Saved entries:
· · · · ·
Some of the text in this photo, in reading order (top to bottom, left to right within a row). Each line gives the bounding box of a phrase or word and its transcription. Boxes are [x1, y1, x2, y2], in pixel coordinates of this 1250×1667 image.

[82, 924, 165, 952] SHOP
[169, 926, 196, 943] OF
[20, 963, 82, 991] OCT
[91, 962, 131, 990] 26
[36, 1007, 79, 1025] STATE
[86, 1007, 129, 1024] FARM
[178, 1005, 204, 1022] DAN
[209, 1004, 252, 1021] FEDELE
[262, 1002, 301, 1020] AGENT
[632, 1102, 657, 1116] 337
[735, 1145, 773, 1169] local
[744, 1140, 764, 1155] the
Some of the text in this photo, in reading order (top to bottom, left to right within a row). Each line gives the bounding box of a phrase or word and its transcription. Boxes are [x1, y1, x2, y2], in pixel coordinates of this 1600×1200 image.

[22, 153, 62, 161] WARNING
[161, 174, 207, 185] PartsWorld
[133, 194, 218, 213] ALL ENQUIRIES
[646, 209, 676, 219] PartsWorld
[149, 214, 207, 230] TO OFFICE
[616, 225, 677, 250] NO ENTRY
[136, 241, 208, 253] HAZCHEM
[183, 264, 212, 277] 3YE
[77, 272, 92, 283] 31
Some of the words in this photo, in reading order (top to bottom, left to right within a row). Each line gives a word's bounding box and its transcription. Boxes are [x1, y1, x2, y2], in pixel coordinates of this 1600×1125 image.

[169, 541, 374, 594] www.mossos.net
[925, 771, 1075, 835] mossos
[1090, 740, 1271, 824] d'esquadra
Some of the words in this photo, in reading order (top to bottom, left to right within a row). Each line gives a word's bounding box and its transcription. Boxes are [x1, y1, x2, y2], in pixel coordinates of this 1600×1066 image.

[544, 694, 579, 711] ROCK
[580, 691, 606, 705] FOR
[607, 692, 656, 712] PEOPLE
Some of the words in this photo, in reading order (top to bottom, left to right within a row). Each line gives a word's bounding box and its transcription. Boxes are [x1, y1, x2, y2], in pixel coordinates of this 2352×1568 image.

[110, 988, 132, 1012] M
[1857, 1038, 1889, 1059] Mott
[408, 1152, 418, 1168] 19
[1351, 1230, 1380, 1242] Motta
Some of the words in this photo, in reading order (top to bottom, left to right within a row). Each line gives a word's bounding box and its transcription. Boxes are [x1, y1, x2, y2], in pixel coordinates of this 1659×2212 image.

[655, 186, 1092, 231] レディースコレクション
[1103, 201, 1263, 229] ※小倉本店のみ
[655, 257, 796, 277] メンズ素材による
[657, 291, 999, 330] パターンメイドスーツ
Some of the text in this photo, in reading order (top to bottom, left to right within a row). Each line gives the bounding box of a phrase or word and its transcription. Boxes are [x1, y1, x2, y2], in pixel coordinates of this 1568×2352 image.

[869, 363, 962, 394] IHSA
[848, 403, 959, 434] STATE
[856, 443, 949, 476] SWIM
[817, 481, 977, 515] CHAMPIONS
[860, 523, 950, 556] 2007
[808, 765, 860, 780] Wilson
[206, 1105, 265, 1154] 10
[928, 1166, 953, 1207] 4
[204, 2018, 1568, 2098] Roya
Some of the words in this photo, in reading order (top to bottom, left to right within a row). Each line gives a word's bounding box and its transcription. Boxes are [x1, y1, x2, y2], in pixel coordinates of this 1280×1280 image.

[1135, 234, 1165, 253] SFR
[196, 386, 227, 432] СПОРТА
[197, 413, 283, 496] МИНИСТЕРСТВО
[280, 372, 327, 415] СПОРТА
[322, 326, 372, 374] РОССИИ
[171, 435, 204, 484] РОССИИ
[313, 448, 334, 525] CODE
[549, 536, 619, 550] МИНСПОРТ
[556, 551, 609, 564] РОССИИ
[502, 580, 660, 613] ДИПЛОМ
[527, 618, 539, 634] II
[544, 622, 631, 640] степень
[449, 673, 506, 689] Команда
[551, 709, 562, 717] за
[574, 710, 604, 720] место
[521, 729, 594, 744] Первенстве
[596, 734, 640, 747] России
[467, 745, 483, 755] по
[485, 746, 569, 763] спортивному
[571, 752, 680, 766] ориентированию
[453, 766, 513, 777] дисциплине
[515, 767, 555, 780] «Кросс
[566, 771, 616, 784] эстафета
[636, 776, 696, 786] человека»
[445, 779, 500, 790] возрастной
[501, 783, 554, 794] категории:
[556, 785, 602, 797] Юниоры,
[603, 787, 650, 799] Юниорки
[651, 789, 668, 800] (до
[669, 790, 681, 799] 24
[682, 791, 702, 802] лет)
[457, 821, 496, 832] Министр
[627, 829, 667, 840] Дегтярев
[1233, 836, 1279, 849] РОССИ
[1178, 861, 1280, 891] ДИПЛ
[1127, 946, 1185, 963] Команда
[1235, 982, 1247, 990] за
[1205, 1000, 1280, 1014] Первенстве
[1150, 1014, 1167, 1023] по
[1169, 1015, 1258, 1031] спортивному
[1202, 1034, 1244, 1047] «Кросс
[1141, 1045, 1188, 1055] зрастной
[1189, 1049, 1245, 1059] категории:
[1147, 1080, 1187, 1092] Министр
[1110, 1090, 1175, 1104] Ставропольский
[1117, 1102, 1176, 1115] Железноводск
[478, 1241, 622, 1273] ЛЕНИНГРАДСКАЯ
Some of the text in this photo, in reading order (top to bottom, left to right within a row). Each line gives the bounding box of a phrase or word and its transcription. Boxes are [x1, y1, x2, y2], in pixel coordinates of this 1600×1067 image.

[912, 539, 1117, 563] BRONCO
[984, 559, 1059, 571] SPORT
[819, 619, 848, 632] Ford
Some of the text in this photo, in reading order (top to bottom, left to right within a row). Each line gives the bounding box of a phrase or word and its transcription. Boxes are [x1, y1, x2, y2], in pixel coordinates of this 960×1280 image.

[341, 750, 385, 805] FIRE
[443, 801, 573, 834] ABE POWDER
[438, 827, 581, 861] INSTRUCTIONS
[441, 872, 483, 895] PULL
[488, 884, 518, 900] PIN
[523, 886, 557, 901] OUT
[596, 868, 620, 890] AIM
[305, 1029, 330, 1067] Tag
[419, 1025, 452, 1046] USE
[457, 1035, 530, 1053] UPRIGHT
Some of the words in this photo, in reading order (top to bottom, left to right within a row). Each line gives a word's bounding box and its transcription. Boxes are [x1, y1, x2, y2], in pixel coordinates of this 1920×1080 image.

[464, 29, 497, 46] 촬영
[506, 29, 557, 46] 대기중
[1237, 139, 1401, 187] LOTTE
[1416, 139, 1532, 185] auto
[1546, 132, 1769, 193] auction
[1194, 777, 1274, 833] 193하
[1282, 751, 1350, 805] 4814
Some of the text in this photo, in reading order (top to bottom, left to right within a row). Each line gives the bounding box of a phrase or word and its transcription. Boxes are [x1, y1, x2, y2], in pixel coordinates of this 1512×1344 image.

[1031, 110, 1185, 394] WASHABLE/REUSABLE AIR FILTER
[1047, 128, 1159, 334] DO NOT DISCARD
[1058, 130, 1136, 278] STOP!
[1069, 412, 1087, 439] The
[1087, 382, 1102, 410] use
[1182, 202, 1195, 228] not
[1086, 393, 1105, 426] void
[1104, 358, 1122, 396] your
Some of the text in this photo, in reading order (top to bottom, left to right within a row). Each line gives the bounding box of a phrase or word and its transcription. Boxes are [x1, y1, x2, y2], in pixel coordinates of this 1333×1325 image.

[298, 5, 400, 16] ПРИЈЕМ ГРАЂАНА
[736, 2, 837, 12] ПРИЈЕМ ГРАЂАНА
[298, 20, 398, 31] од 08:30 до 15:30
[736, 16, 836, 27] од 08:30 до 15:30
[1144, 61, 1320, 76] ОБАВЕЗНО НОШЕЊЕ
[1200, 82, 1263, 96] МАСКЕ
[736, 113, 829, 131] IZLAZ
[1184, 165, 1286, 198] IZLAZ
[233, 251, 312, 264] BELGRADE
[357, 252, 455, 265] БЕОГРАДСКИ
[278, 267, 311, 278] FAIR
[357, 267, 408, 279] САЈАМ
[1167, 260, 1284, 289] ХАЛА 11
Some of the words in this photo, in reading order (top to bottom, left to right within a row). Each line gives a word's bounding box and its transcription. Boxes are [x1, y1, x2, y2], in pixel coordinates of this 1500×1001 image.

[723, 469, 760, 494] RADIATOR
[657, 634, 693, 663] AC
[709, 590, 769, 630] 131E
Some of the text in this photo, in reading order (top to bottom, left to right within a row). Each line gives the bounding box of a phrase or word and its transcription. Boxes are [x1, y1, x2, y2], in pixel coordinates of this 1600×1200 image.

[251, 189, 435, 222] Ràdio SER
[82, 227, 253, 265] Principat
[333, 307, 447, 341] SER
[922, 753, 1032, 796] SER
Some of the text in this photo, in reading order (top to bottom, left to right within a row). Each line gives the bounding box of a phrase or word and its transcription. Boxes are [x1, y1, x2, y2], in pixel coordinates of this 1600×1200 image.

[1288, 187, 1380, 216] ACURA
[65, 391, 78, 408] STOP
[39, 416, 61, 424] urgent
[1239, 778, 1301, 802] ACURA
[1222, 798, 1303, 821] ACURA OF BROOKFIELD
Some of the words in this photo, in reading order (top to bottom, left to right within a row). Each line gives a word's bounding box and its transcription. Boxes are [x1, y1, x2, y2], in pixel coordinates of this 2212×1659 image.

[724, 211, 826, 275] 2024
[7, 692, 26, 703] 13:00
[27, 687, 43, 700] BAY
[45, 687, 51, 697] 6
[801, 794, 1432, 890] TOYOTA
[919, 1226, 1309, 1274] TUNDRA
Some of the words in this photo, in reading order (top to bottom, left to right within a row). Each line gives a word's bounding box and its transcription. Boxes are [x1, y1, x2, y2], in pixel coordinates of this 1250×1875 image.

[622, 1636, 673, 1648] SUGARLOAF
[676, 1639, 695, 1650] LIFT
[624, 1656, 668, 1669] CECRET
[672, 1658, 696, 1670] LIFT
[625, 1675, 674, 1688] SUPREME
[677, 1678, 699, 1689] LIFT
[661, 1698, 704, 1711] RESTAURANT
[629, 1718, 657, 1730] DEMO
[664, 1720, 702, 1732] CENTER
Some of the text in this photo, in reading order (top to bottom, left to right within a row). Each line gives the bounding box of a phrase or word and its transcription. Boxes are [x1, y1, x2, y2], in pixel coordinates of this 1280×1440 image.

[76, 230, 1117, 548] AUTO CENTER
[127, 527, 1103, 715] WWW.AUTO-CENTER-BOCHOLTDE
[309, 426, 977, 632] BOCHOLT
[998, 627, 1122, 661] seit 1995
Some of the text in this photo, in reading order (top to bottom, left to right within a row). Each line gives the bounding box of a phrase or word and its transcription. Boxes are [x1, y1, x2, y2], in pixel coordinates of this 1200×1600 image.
· · · · ·
Task to complete – Please repeat the lines above exactly, beginning with the line that contains "this 1250×1875 image." and ending with the final one.

Result of the exercise –
Some of the words in this photo, in reading order (top to bottom, left to right within a row). Each line gives a word's bounding box and its transcription. Boxes are [x1, y1, x2, y2], in pixel coordinates of this 1250×1875 image.

[622, 1636, 673, 1648] SUGARLOAF
[676, 1639, 695, 1650] LIFT
[624, 1656, 668, 1669] CECRET
[672, 1658, 696, 1670] LIFT
[625, 1675, 674, 1688] SUPREME
[677, 1678, 699, 1689] LIFT
[661, 1698, 704, 1711] RESTAURANT
[629, 1718, 657, 1730] DEMO
[664, 1720, 702, 1732] CENTER
Some of the text in this photo, in reading order (top to bottom, left to right within a row). Each line gives the bounding box of a phrase or word and its transcription. Boxes are [x1, y1, x2, y2], in pixel coordinates of this 1280×1440 image.

[76, 230, 1117, 548] AUTO CENTER
[127, 527, 1103, 715] WWW.AUTO-CENTER-BOCHOLTDE
[309, 426, 977, 632] BOCHOLT
[998, 627, 1122, 661] seit 1995
Some of the text in this photo, in reading order (top to bottom, left to right within a row). Each line gives the bounding box of a phrase or word and its transcription. Boxes are [x1, y1, x2, y2], in pixel coordinates of this 1200×1600 image.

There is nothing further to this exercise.